2015-04-28 Thread Dave Thompson
 From: openssl-users On Behalf Of jonetsu
 Sent: Tuesday, April 28, 2015 13:53

 What would be the equivalent of the SHA256() function in the EVP
 class of methods ?  EVP_sha256() could be it, although from the
 short description in manual page it does not seemingly fit in,
 returning a EVP_MD which is, if not mistaken, a env_md_st
 structure.
 
The LOWLEVEL modules use separate routines. There are routines 
for SHA1, and *separate* routines for SHA256, and separate routines 
for SHA384, and separate routines for MD5, and separate routines for 
RIPEMD160. There are routines for AES, and separate routines for 
RC4, and separate routines for Blowfish, and routines for DES and 
tripleDES aka DESede that overlap *some* because of the very 
close relationship but separate from all other symmetric ciphers. 
There are routines for RSA, and separate routines for DSA, and 
separate routines for DH, and separate routines for ECDSA, 
and separate routines for ECDH. 

EVP DOES NOT. EVP has *one* set of digest routines used for ALL 
digest algorithms, but with a data object specifying *which* digest.
EVP has *one* set of Cipher routines used for all symmetric ciphers,
with a data object specifying which. EVP has due to history *two* 
sets of asymmetric signature routines, which apply to three (and 
possibly more) asymmetric algorithms specified by data objects.

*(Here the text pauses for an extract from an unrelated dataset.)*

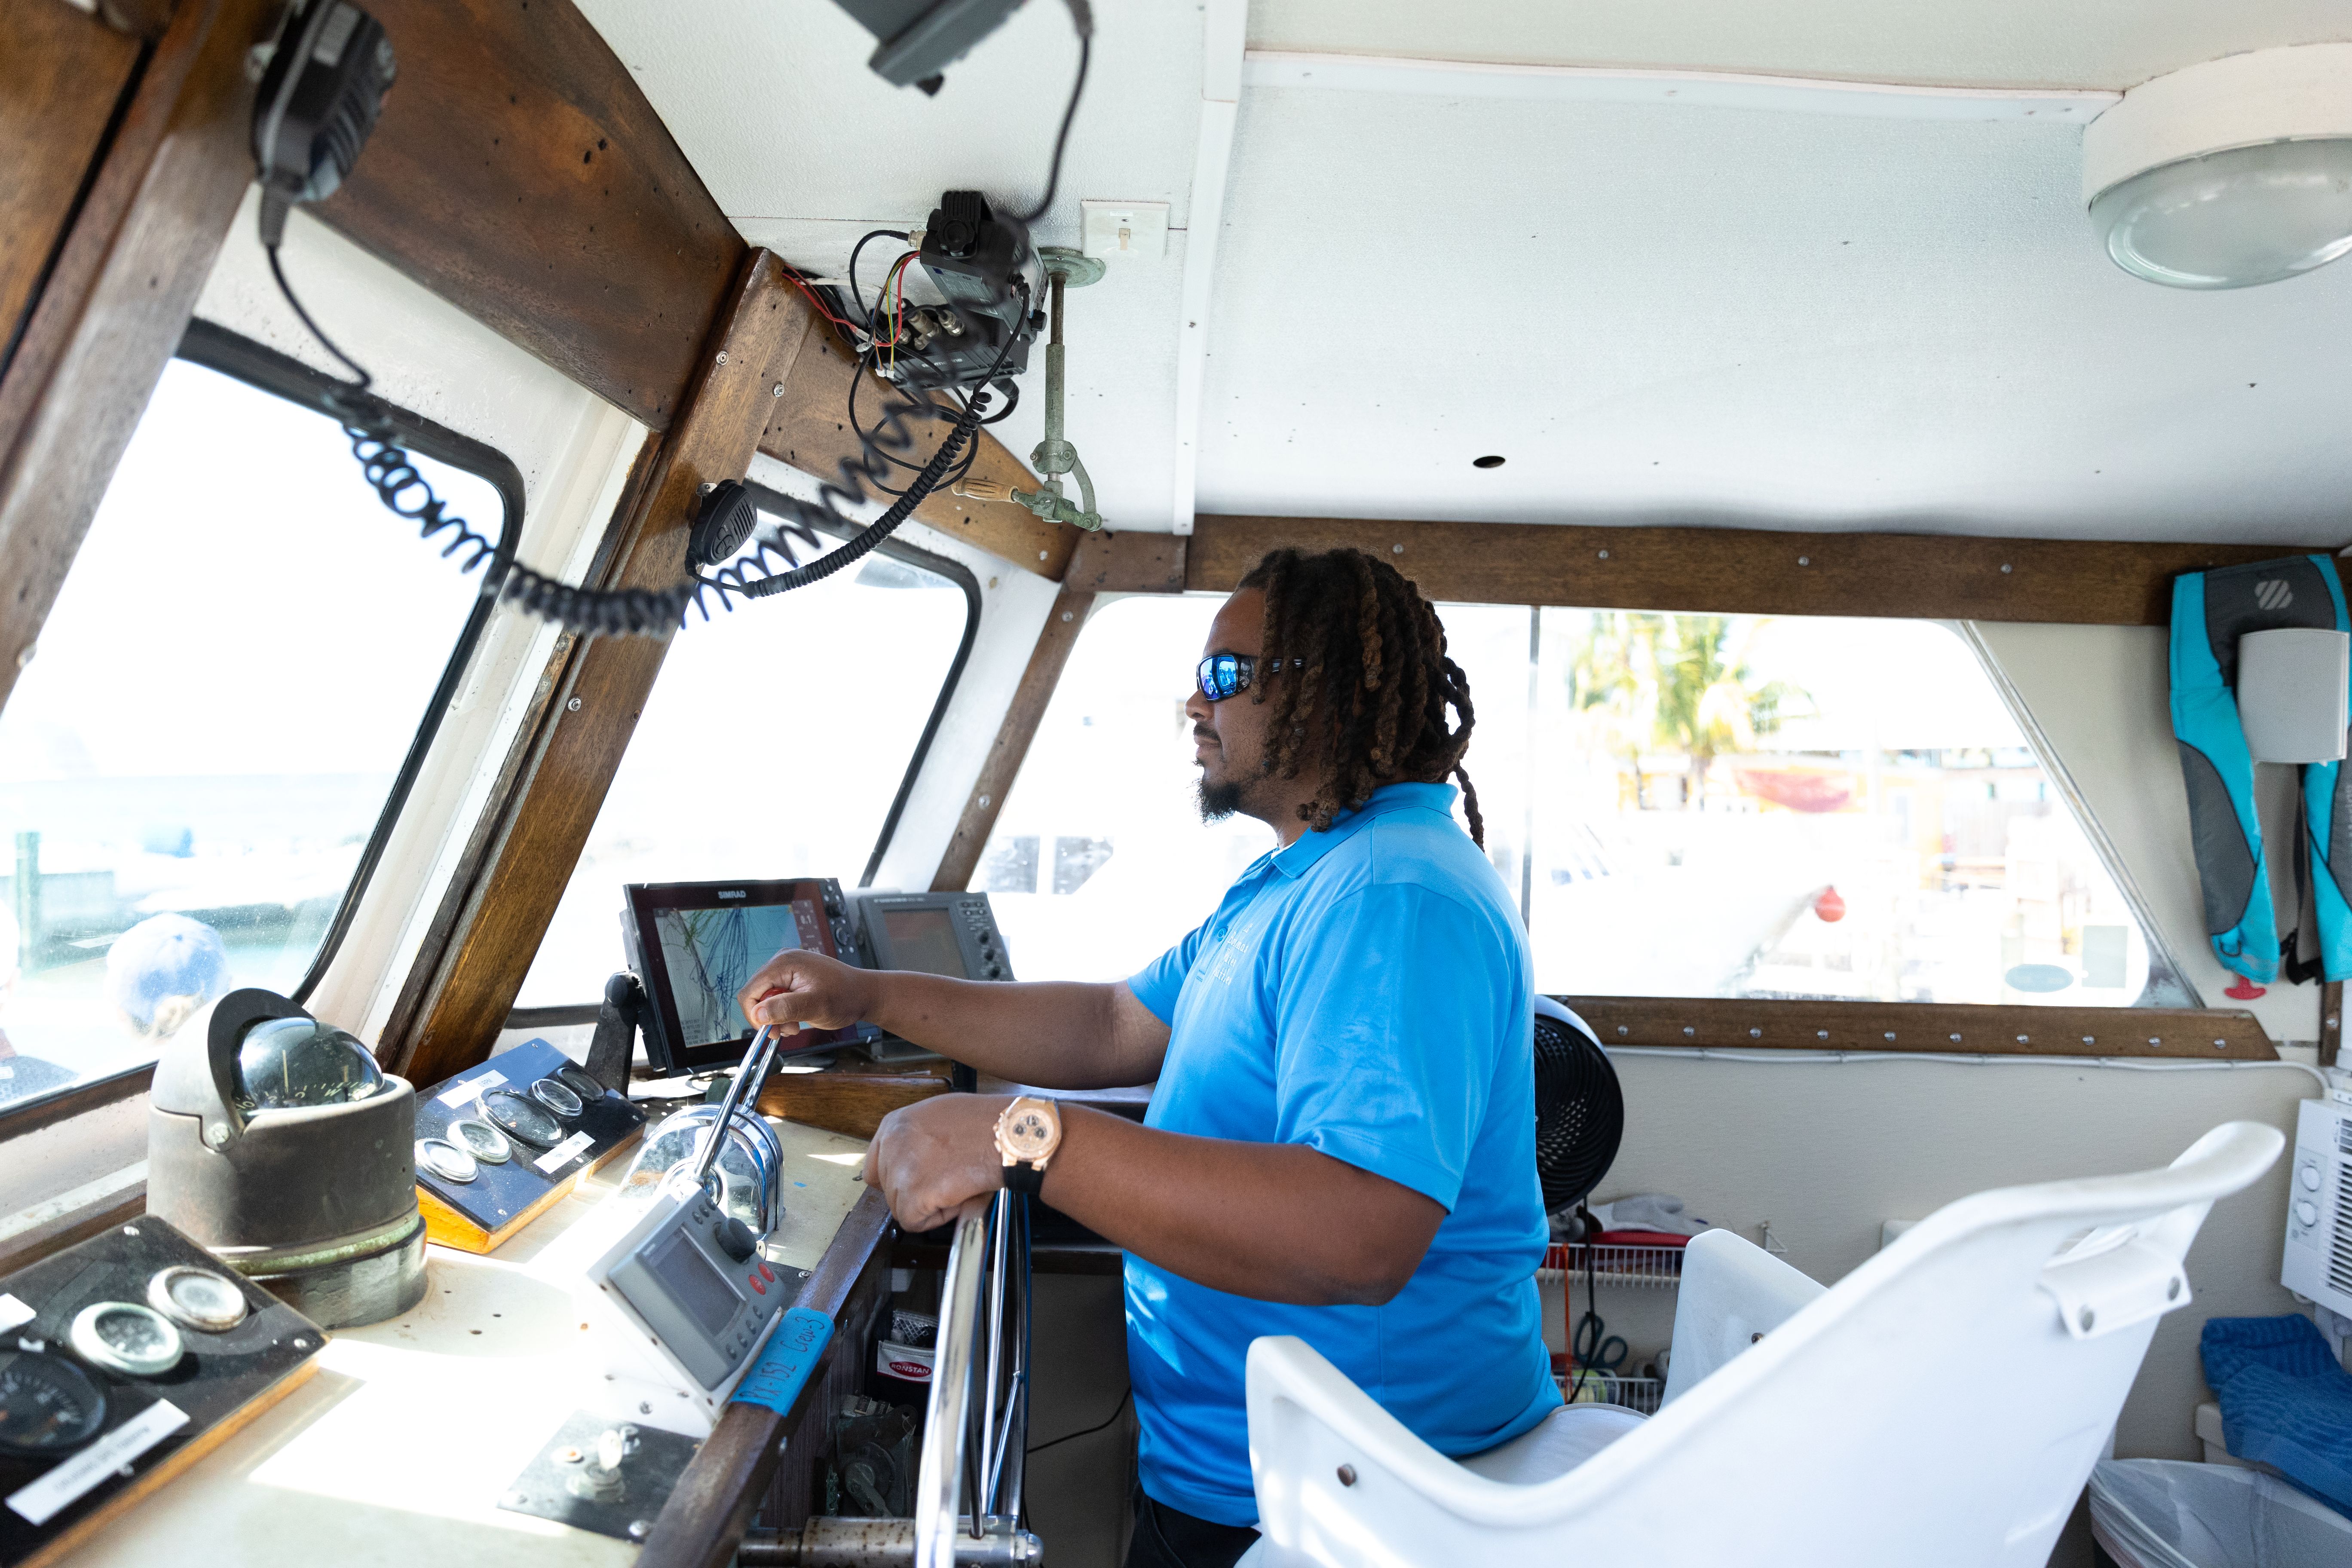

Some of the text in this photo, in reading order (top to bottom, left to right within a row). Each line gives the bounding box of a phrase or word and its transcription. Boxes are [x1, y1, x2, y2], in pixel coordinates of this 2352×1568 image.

[718, 890, 746, 899] SIMRAD
[780, 1317, 825, 1352] Crew-3
[891, 1363, 929, 1374] RONSTAN
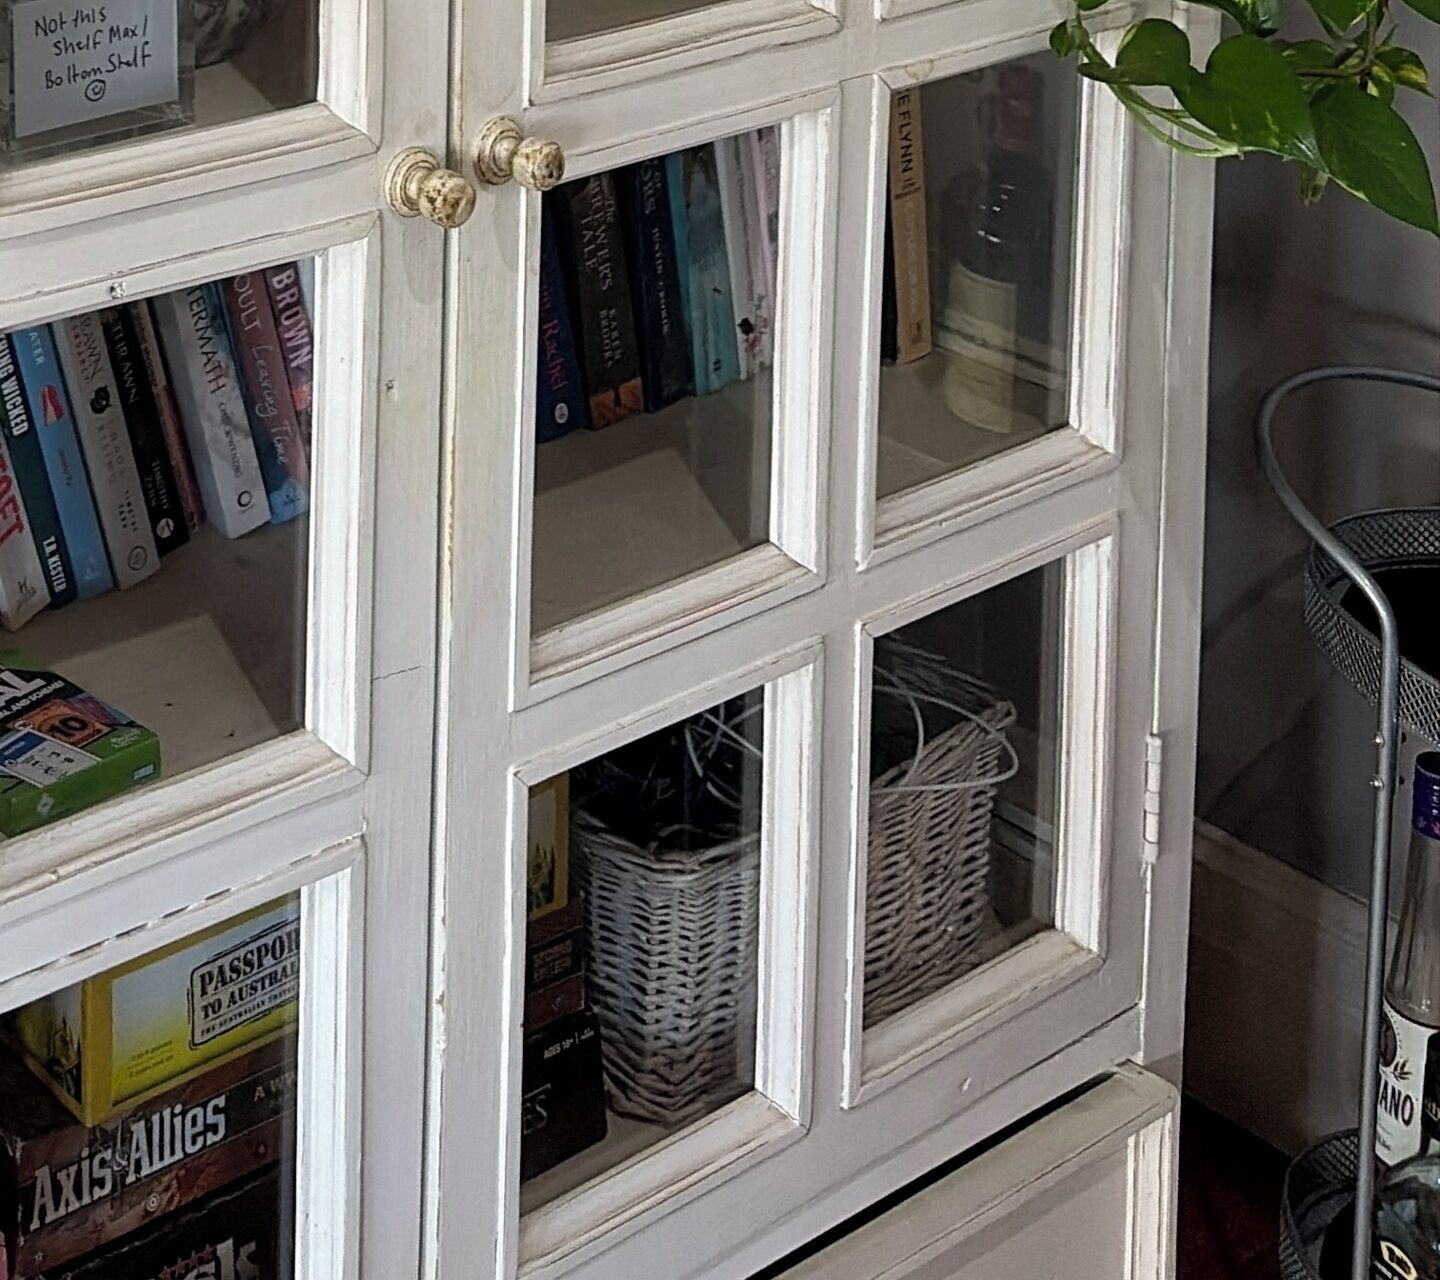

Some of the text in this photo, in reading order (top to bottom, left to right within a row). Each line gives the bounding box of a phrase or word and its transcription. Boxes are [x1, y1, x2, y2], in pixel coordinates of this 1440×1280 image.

Thus the EVP equivalent to the SHA256*() lowlevel calls is 
to call the EVP_Digest* routines with a data object specifying 
SHA256, which is exactly what the value of EVP_sha256() is.

The man page named for EVP_DigestInit which also covers 
EVP_DigestInit_ex, EVP_DigestUpdate, EVP_DigestFinal,
EVP_DigestFinal_ex, and some related routines (although 
the link for EVP_DigestFinal original seems to be missing)
tells you how to do digests with EVP in general. Apparently 
it wasn't updated to list SHA2 digests, but that variation 
should be obvious from documented pattern.
 
 The code I'm adapting to EVP has a first pass of shortening the
 key if too long:
 
 /* Change key if longer than 64 bytes */
 if (klen  HMAC_INT_LEN) {
   SHA256(key, klen, nkey);
   key = nkey;
   klen = SHA256_DIGEST_LENGTH;
 }
 
 Before proceeding with the usual SHA256_Init(),
 SHA256_Update() (twice), and SHA256_Final.  All of which I have
 tested with the corresponding EVP_* methods.  For the use of
 SHA256() above, though, I'm puzzled regarding its EVP_*
 counterpart.
 
If you are implementing HMAC, perhaps for PBKDF2 (which does 
that prehash-if-too-long), I hope you mean the code does 
one hash of ipad+data, which can consist of Init, 2 Updates, 
and Finial (although there are other ways) and then a SECOND 
ENTIRE HASH of opad+innerhash, similarly. If that's not what 
you're doing, you're not doing standard HMAC, so it definitely 
won't be interoperable and may well not be secure, because 
HMAC was defined the way it is precisely because it was found 
the naïve way merely hashing key+data is not reliably secure.

Although if what you want is PBKDF2-HMAC, there is already 
two OpenSSL routines for that (again due to history).